What to produce – The data must be reproduced verbatim; images are to be omitted.

───── Material to process ─────

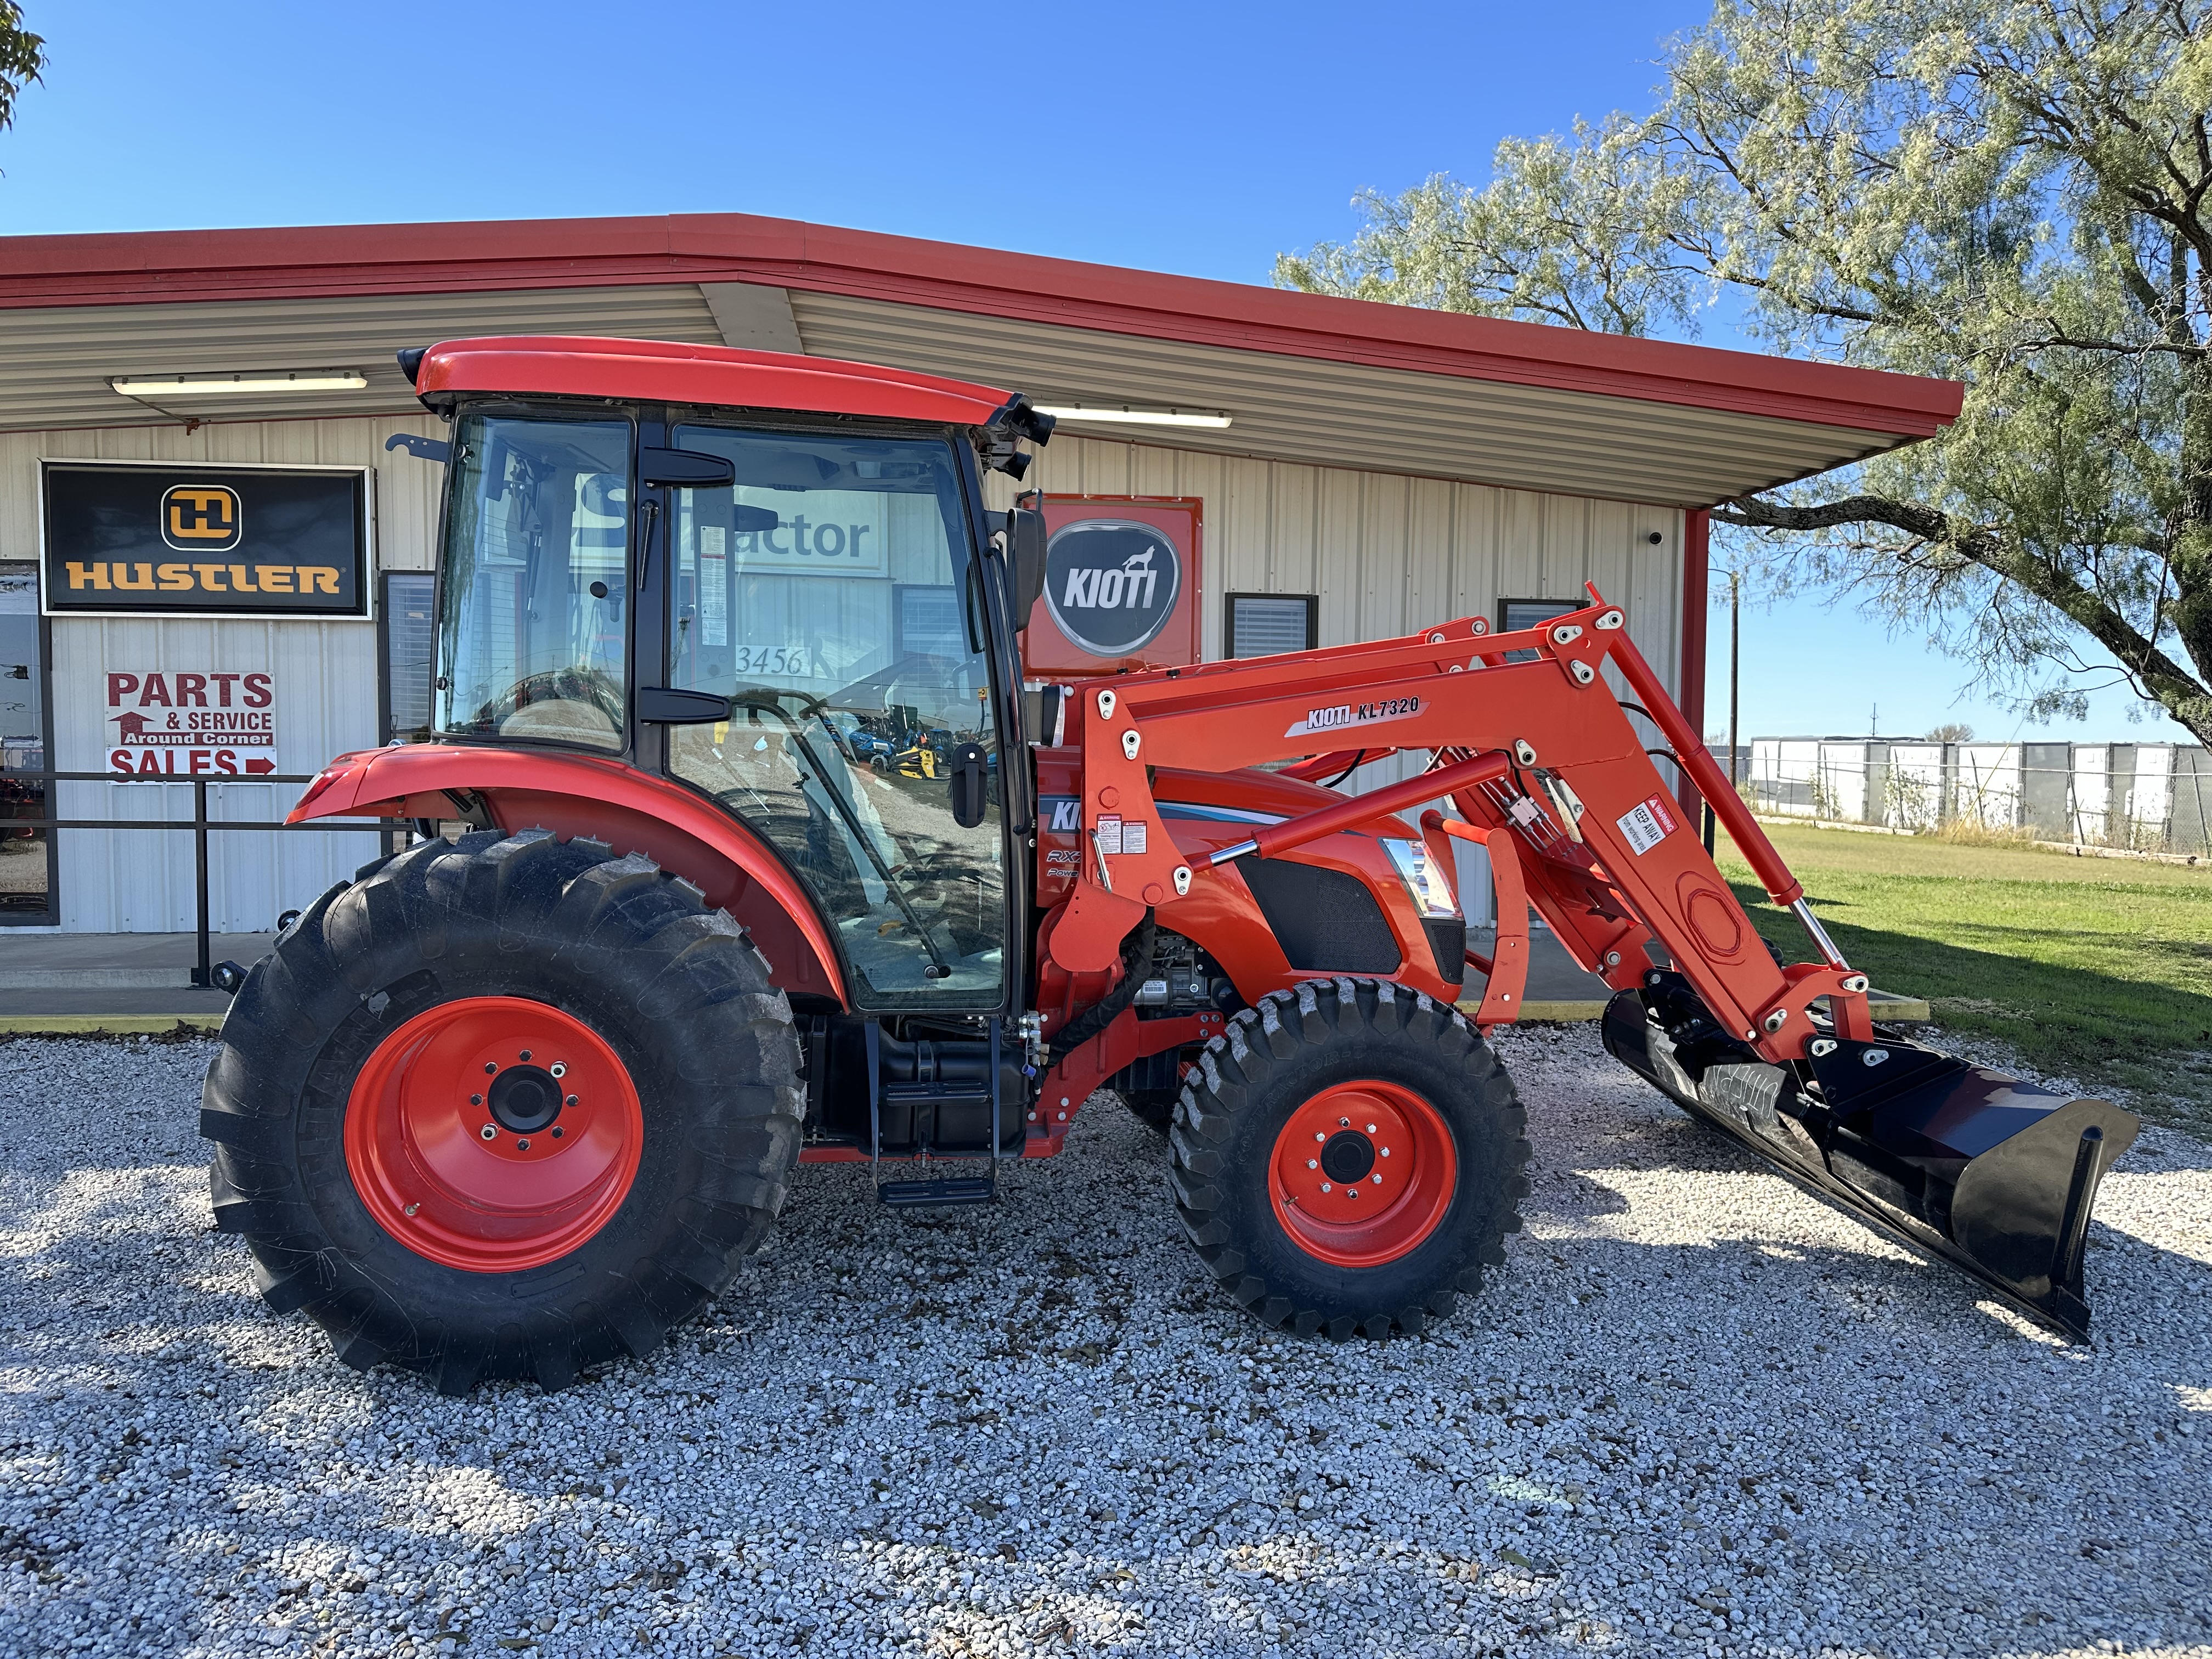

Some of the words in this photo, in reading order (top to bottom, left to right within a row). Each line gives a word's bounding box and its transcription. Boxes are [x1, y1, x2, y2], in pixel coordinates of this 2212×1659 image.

[65, 561, 340, 594] HUSTLER
[1063, 568, 1158, 609] KIOTI
[736, 647, 805, 675] 3456
[108, 673, 273, 708] PARTS
[166, 712, 180, 730] &
[188, 712, 273, 730] SERVICE
[1306, 703, 1351, 730] KIOTI
[1357, 695, 1421, 722] KL7320
[124, 732, 195, 744] Around
[202, 732, 270, 744] Corner
[110, 749, 238, 783] SALES
[1052, 802, 1081, 830] KI
[1632, 806, 1650, 825] KEEP
[1642, 822, 1662, 843] AWAY
[1654, 804, 1675, 833] WARNING
[1627, 826, 1641, 844] working
[1047, 868, 1079, 878] Powe

─────

Exercise response –
Some of the words in this photo, in reading order (top to bottom, left to right within a row). Each line gives a word's bounding box and its transcription. Boxes are [x1, y1, x2, y2], in pixel coordinates of this 2212×1659 image.

[65, 561, 340, 594] HUSTLER
[1063, 568, 1158, 609] KIOTI
[736, 647, 805, 675] 3456
[108, 673, 273, 708] PARTS
[166, 712, 180, 730] &
[188, 712, 273, 730] SERVICE
[1306, 703, 1351, 730] KIOTI
[1357, 695, 1421, 722] KL7320
[124, 732, 195, 744] Around
[202, 732, 270, 744] Corner
[110, 749, 238, 783] SALES
[1052, 802, 1081, 830] KI
[1632, 806, 1650, 825] KEEP
[1642, 822, 1662, 843] AWAY
[1654, 804, 1675, 833] WARNING
[1627, 826, 1641, 844] working
[1047, 868, 1079, 878] Powe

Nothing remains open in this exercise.